2. Set up the equations relating the sides and angles as follows:
   • $h = a \sin C$
   • $h = c \sin A$
   • Set two equations equal to each other:
   • $\frac{a \sin C}{\sin A} = c$
   • Repeat for the other sides to finalize the derivation of the Law of Sines.

Area of a Triangle

The area of a triangle can also be computed using the formula:
$A = \frac{1}{2} b h$
Where A represents area, b is the base, and h is the height. Using the Law of Sines, alternate area calculations yield:
$A = \frac{1}{2}ab \sin C$ .

Solutions of SAA and ASA Triangles

Example 1: Given triangle ABC with $A = 32.0^ ext{°}$, $B = 81.8^ ext{°}$, and $a = 42.9 ext{ cm}$, apply the Law of Sines:

1. Solve for side b using the known angles and the Law of Sines:
   $\frac{a}{\sin A} = \frac{b}{\sin B} \Longrightarrow b = \frac{a \sin B}{\sin A}$
2. Find angle C using the angle sum formula:
   $C = 180^ ext{°} - A - B$
3. Finally, use the Law of Sines again to compute side c.

Example 2: Distance across a river calculated using various triangles and bearings showcased using a similar procedure.

7.2 The Ambiguous Case of the Law of Sines

Description of the Ambiguous Case

1. This case arises when the lengths of two sides and the angle opposite one of them (SSA) are given: there may be zero, one, or two possible triangles.
2. Key outcomes:
   • If the known angle is acute and $a < h < b$: zero solutions.
   • If $a = h < b$: one solution (right triangle).
   • If $h < a < b$: two solutions exist.
   • If the known angle is obtuse, further constraints apply.

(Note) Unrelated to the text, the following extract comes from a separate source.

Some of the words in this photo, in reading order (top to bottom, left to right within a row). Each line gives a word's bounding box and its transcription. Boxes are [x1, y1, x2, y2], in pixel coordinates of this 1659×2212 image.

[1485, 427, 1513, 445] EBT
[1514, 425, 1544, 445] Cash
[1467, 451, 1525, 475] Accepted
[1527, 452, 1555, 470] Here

Solutions of SSA Triangles

Example 1: Consider triangle ABC where given $B = 55^ ext{°}$, $b = 8.94$, and $a = 25.1$. Find angle A:
$\sin A = \frac{a}{b} \sin B$ and evaluate for possible triangle configurations.

7.3 The Law of Cosines

Derivation of Law of Cosines

• Applicable to both SAS and SSS configurations for uniquely determining the sides or angles of triangles through formulas:
  $a^2 = b^2 + c^2 - 2bc cos A$
• Example: Apply Law of Cosines to compute missing triangle side lengths.

Heron's Formula for Area

$A = \sqrt{s(s-a)(s-b)(s-c)}, \text{ where } s = \frac{1}{2}(a+b+c)$ gives the area given three side lengths.

7.4 Geometrically Defined Vectors and Applications

Basic Terminology

1. Vectors represent quantities with both magnitude and direction; scalar quantities have only magnitude.
2. The vector sum can be computed geometrically and is strength in its resulting direction.
3. The concept of equilibriums introduces how opposing vectors can balance out forces.

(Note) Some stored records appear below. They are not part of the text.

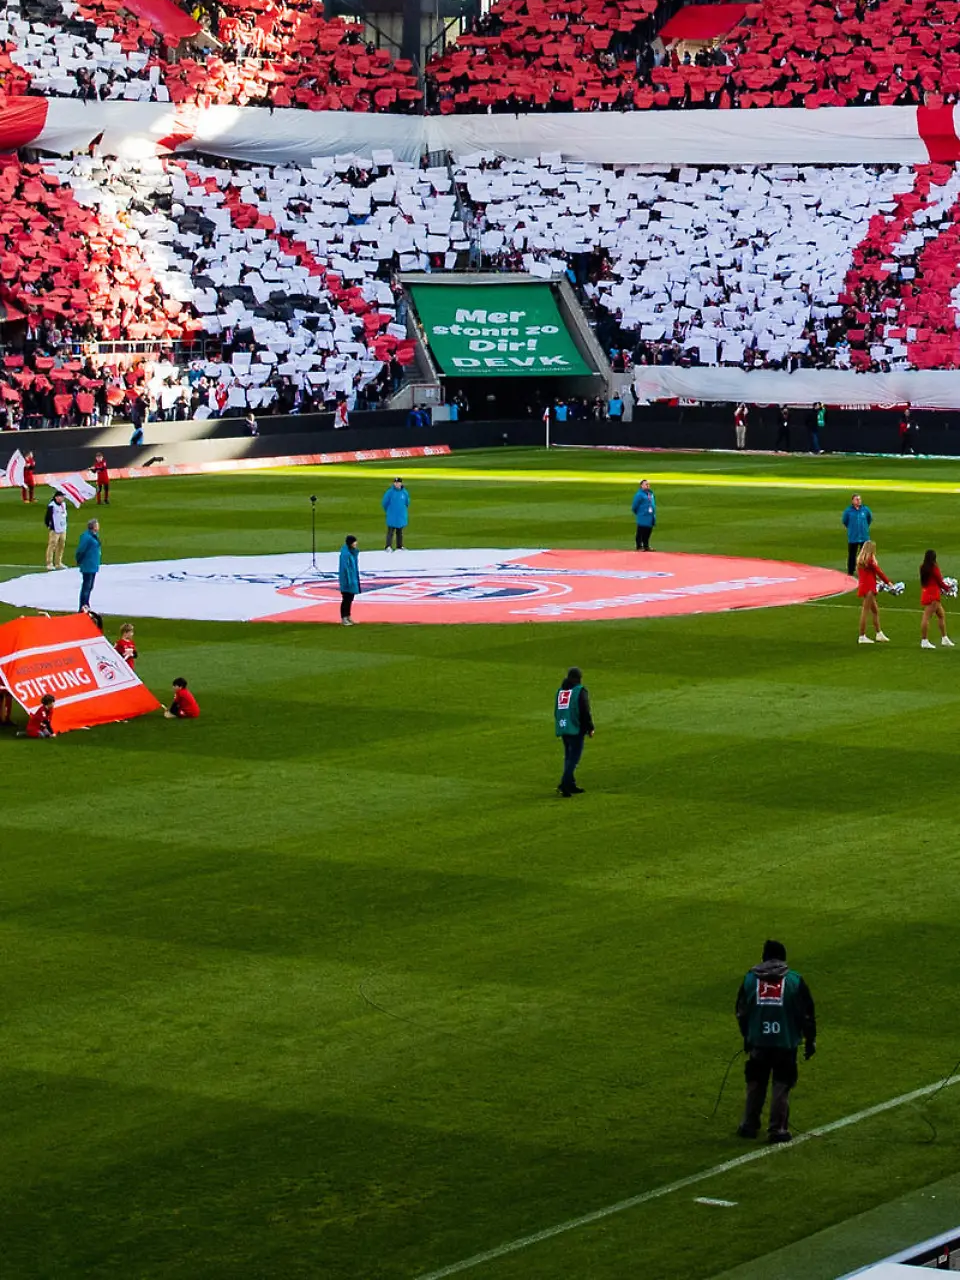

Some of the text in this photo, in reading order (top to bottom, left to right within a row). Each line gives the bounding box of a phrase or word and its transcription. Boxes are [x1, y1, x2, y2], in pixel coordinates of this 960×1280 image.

[455, 308, 526, 323] Mer
[432, 324, 559, 336] stonn zo
[468, 339, 538, 352] Dir!
[451, 355, 570, 367] DEVK
[14, 667, 91, 702] STIFTUNG
[762, 1021, 781, 1034] 30
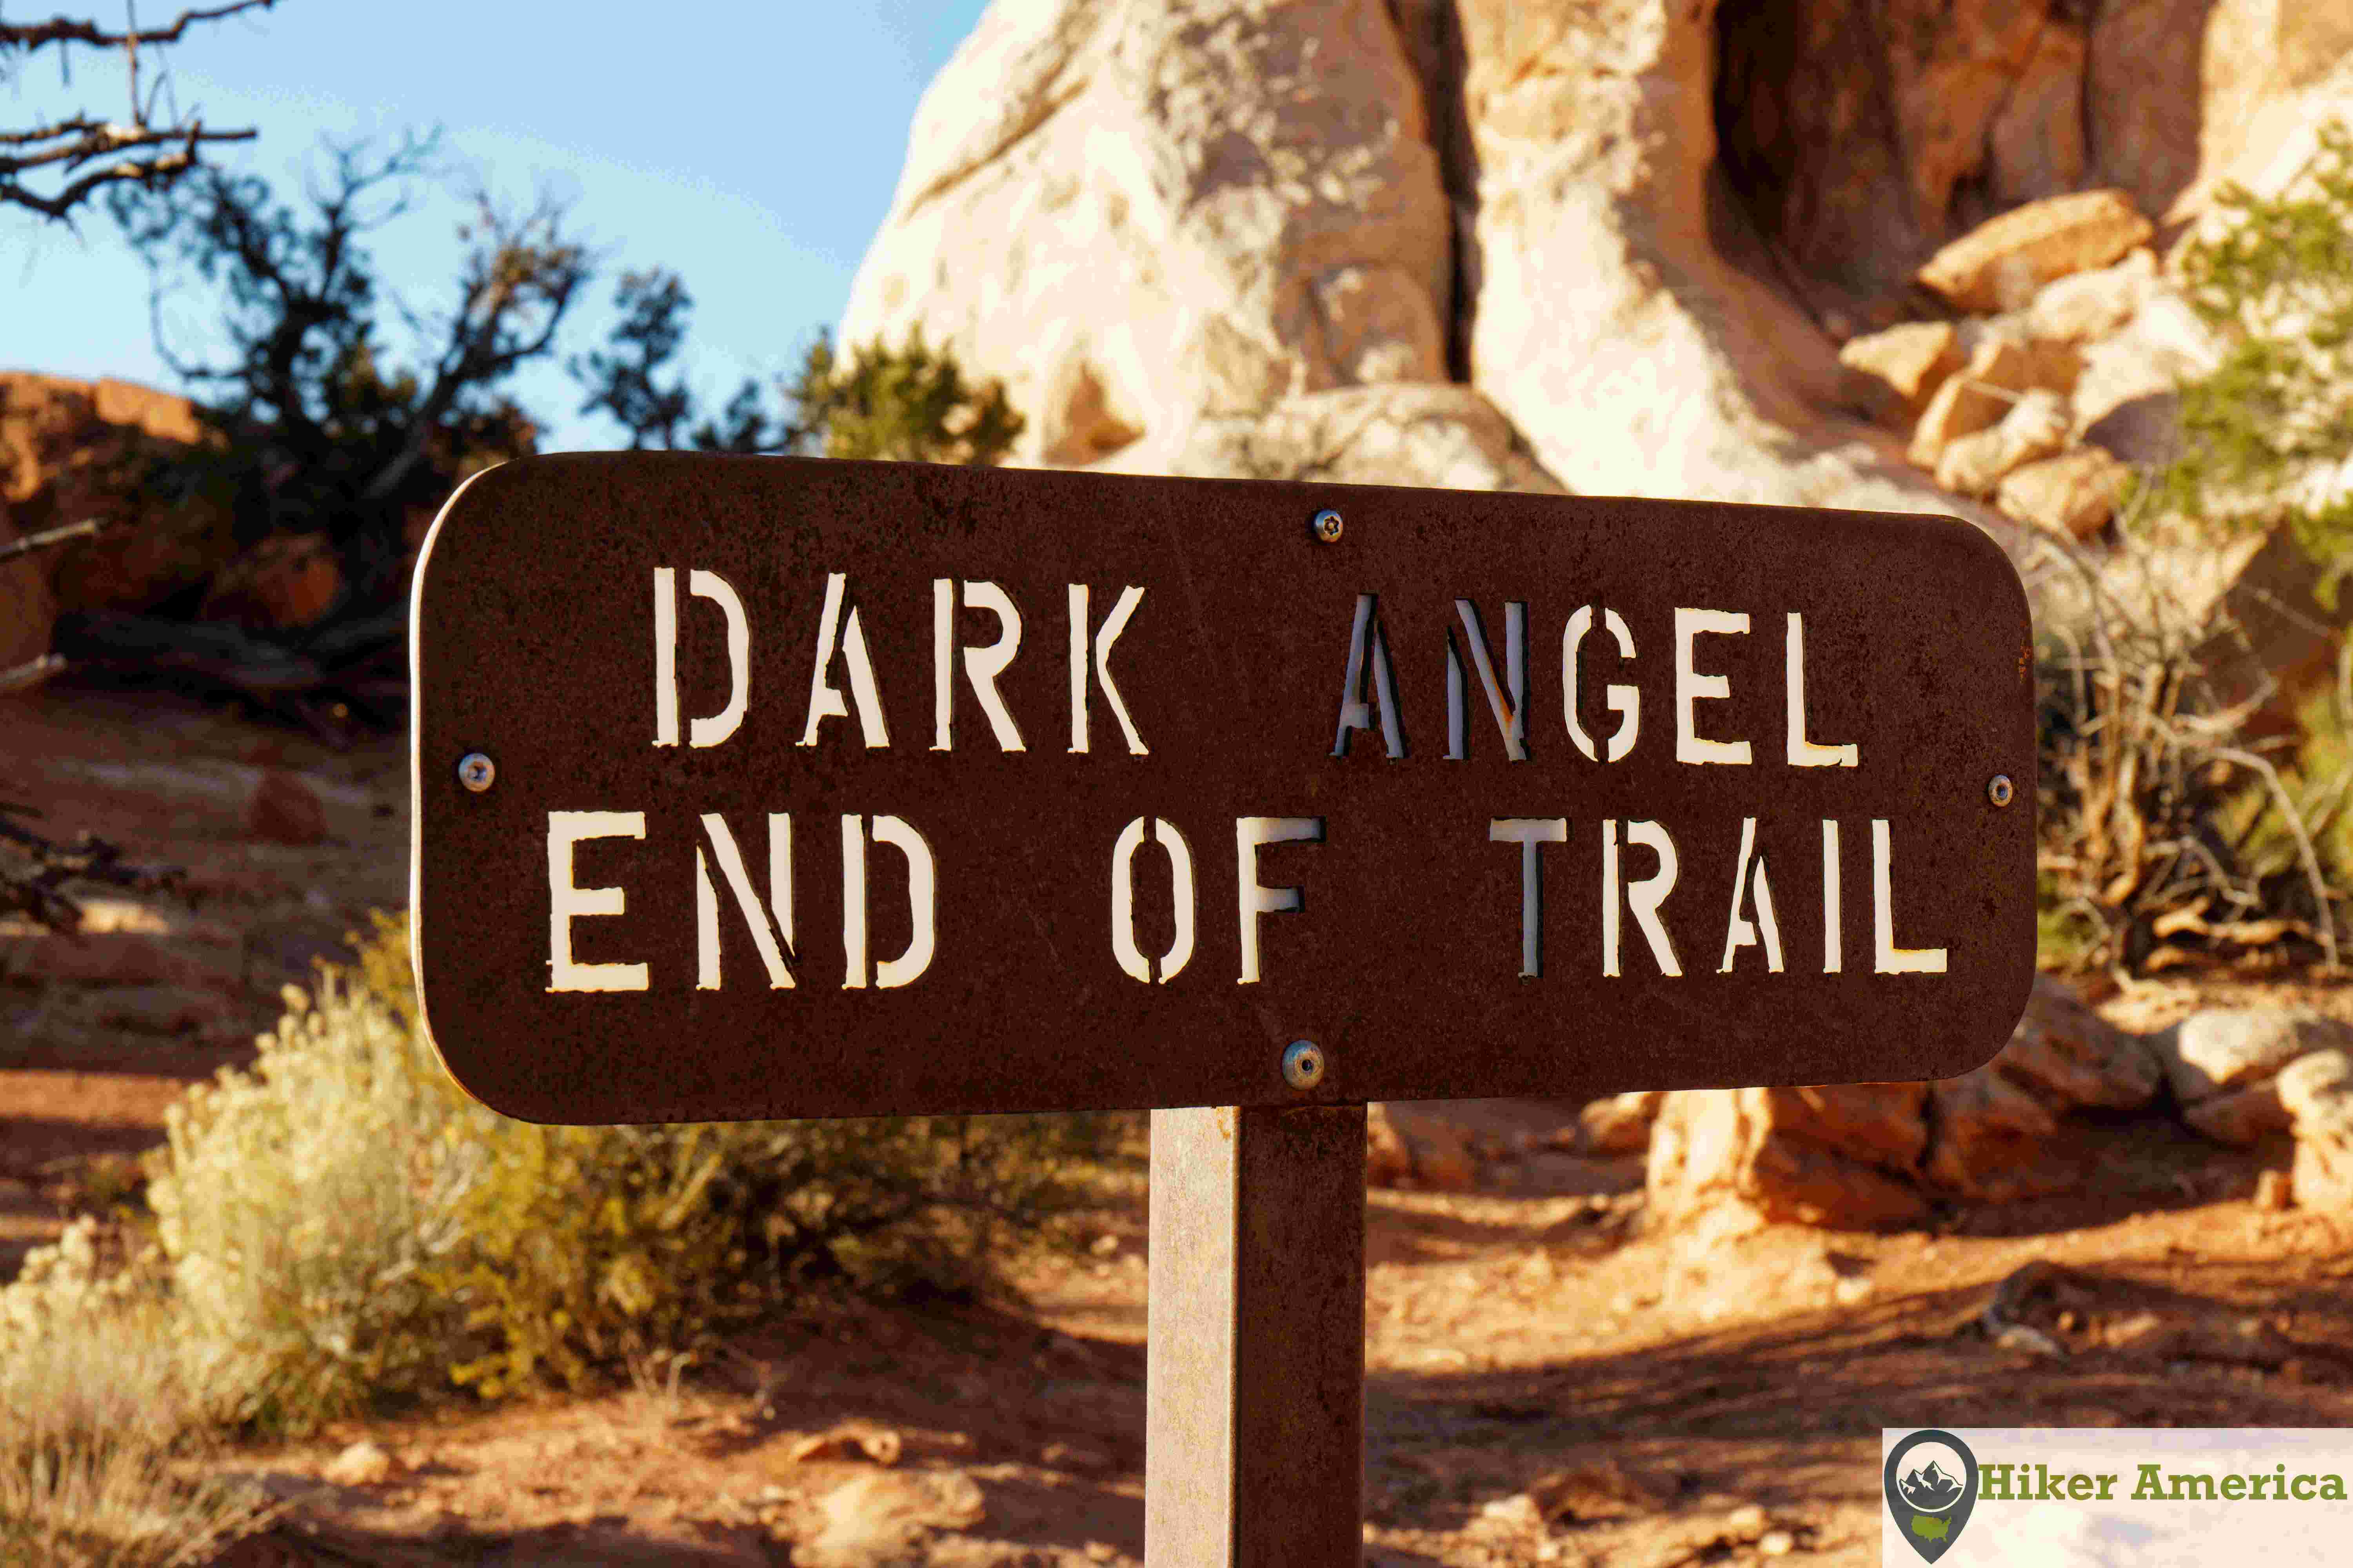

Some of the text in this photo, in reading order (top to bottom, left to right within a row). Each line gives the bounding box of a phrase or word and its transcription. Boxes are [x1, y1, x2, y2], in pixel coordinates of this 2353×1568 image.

[651, 567, 1859, 767] DARK ANGEL
[546, 811, 1948, 991] END OF TRAIL

Applications with Force Problems

• Analyzing vectors to determine forces acting on objects moving on slopes or through fluid mediums, using trigonometric foundations for stability through mathematical relationships.
• Example: Finding resultant force magnitudes using vector decompositions, or applying the law of cosines/sines for angle calculations in force diagrams involved.

7.5 Algebraically Defined Vectors and the Dot Product

Operations and Definitions

• Discuss properties of vectors and computations that determine angles, scalar products, and vector equivalences.
• Example: Finding angles between vectors through dot product relationships, yielding insights regarding their respective orientations and physical alignments.

Relationships in Vectors

• Equating angles provides insights into geometric configurations in fields concerned with physics, navigation, engineering, etc.